Abstract

Previous work suggests that cod liver oil helps to protect the microcirculation from the consequence of thromboembolic events. The possibility that altered synthesis of thromboxane A2 accounts for the protective effects seen with cod liver oil was investigated in the present study. This was done using the combined thromboxane A2 synthetase inhibitor and thromboxane A2-prostaglandin H2 receptor blocker R68070 (Ridogrel). A standardized microvascular injury was inflicted on the right iliac artery of the rat to generate emboli. The downstream cremaster muscle was used to visualize the passage of the ensuing emboli and to assess the effects of this arterial injury on capillary perfusion and arteriole diameters.

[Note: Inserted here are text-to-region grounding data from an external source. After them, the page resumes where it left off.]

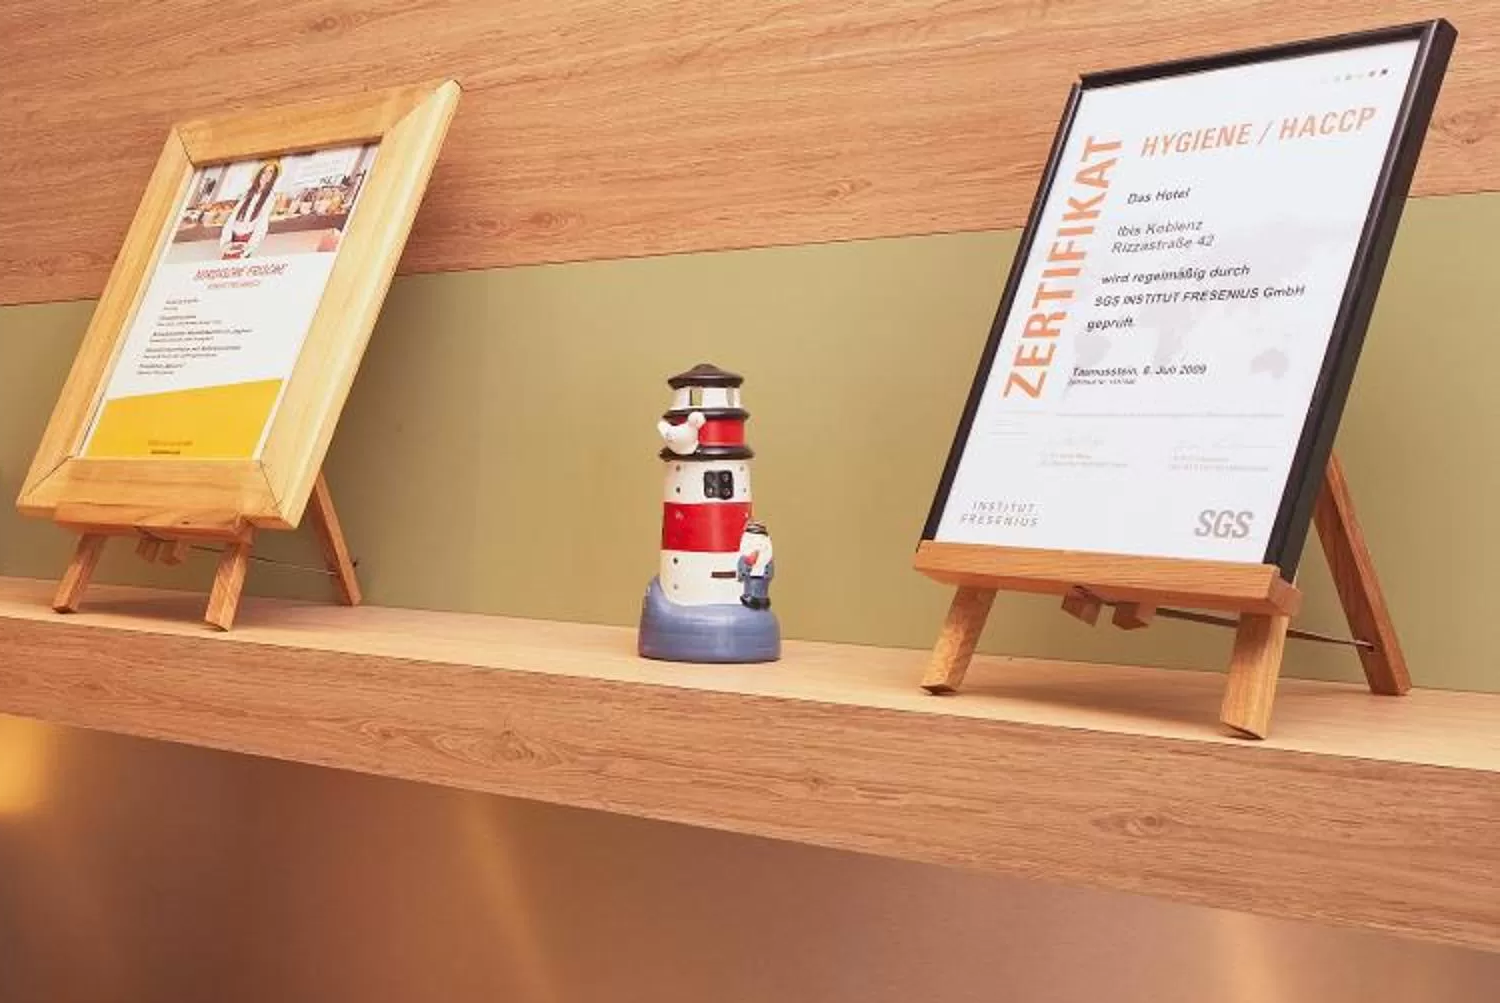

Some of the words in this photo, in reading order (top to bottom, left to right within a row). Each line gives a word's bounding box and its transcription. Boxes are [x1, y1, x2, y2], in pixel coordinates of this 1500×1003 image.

[1140, 123, 1253, 157] HYGIENE
[1257, 120, 1273, 145] /
[1279, 107, 1377, 140] HACCP
[1127, 191, 1151, 204] Das
[1155, 187, 1191, 202] Hotel
[1145, 221, 1204, 236] Koblenz
[1197, 235, 1215, 248] 42
[1003, 136, 1123, 398] ZERTIFIKAT
[1101, 271, 1130, 285] wird
[1209, 264, 1251, 279] durch
[1094, 294, 1120, 307] SGS
[1123, 291, 1180, 305] INSTITUT
[1182, 287, 1259, 303] FRESENIUS
[1263, 284, 1306, 299] GmbH
[972, 500, 1037, 514] INSTITUT
[960, 512, 1040, 528] FRESENIUS
[1194, 509, 1254, 539] SGS
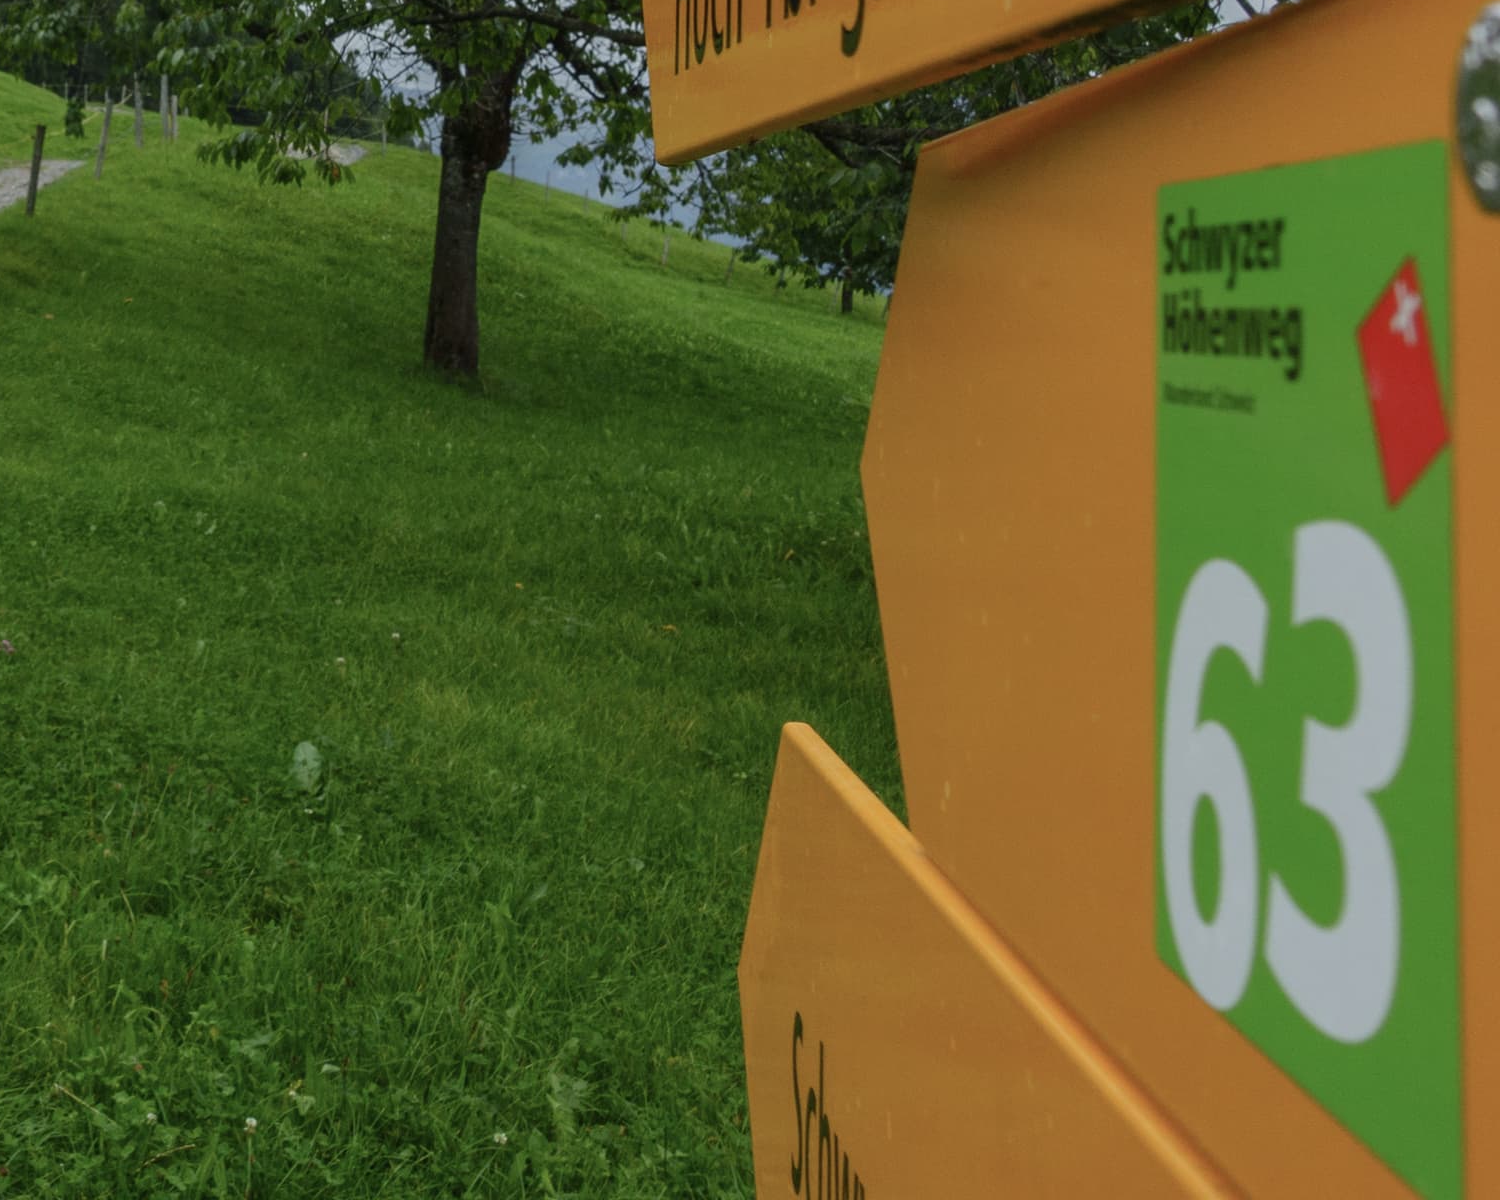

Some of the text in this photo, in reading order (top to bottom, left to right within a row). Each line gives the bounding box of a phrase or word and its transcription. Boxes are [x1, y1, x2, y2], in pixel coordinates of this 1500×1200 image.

[1163, 206, 1286, 291] Schwyzer
[1163, 288, 1304, 383] Höhenweg
[1161, 519, 1415, 1045] 63
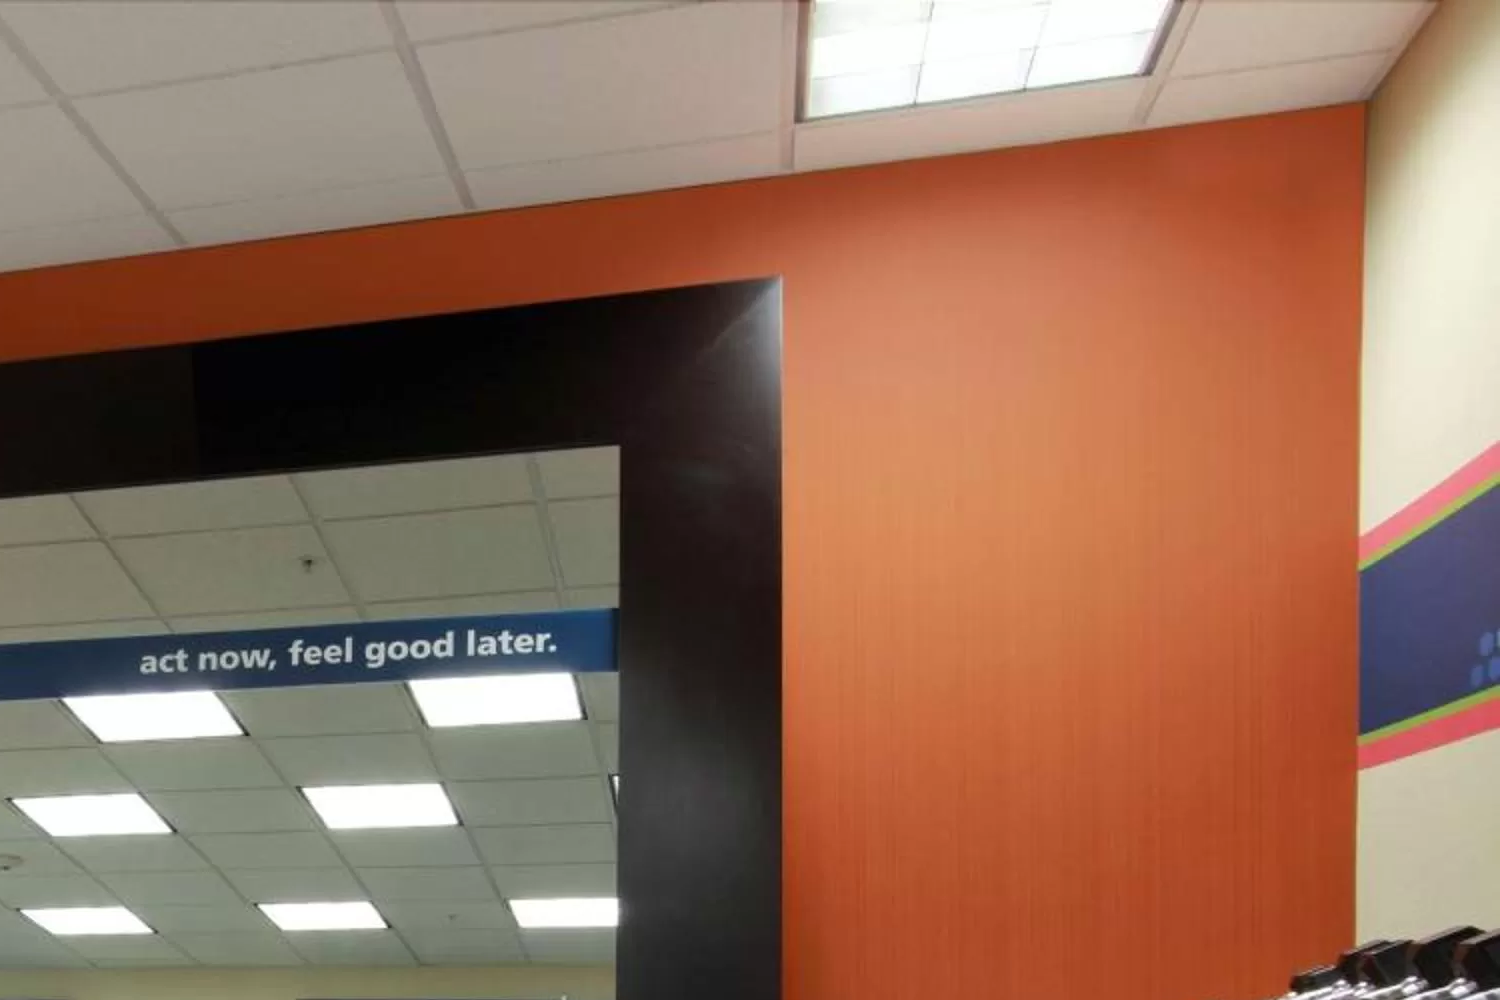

The number of visible emboli was not changed by either cod liver oil diet or Ridogrel administration. However, capillary perfusion was preserved by using cod liver oil (n = 7) and was significantly increased by using Ridogrel (n = 7) in comparison with untreated controls (n = 7) in which capillary perfusion was decreased because of the emboli. The administration of Ridogrel to cod liver oil-treated animals (n = 7) provided no additive benefit. The percentage change in A-2 vessel diameters in cod liver oil-treated (n = 7) animals was no different from the control group (n = 7). Ridogrel (n = 7), on the other hand, produced a significant increase in A-3 vessel (n = 21) diameters, but its effects were comparatively less in the cod liver oil-treated animals (n = 7). The formation of platelet aggregates (emboli) appears relatively independent of thromboxane A2 in the rat. Ridogrel is very effective in protecting the microcirculation, and these effects appear to be mediated by A-3 vasodilatation, which, therefore, is at least partially thromboxane A2-dependent. The positive effects of cod liver oil may be mediated by a mechanism that reduces thromboxane A2 synthesis, but further studies are necessary.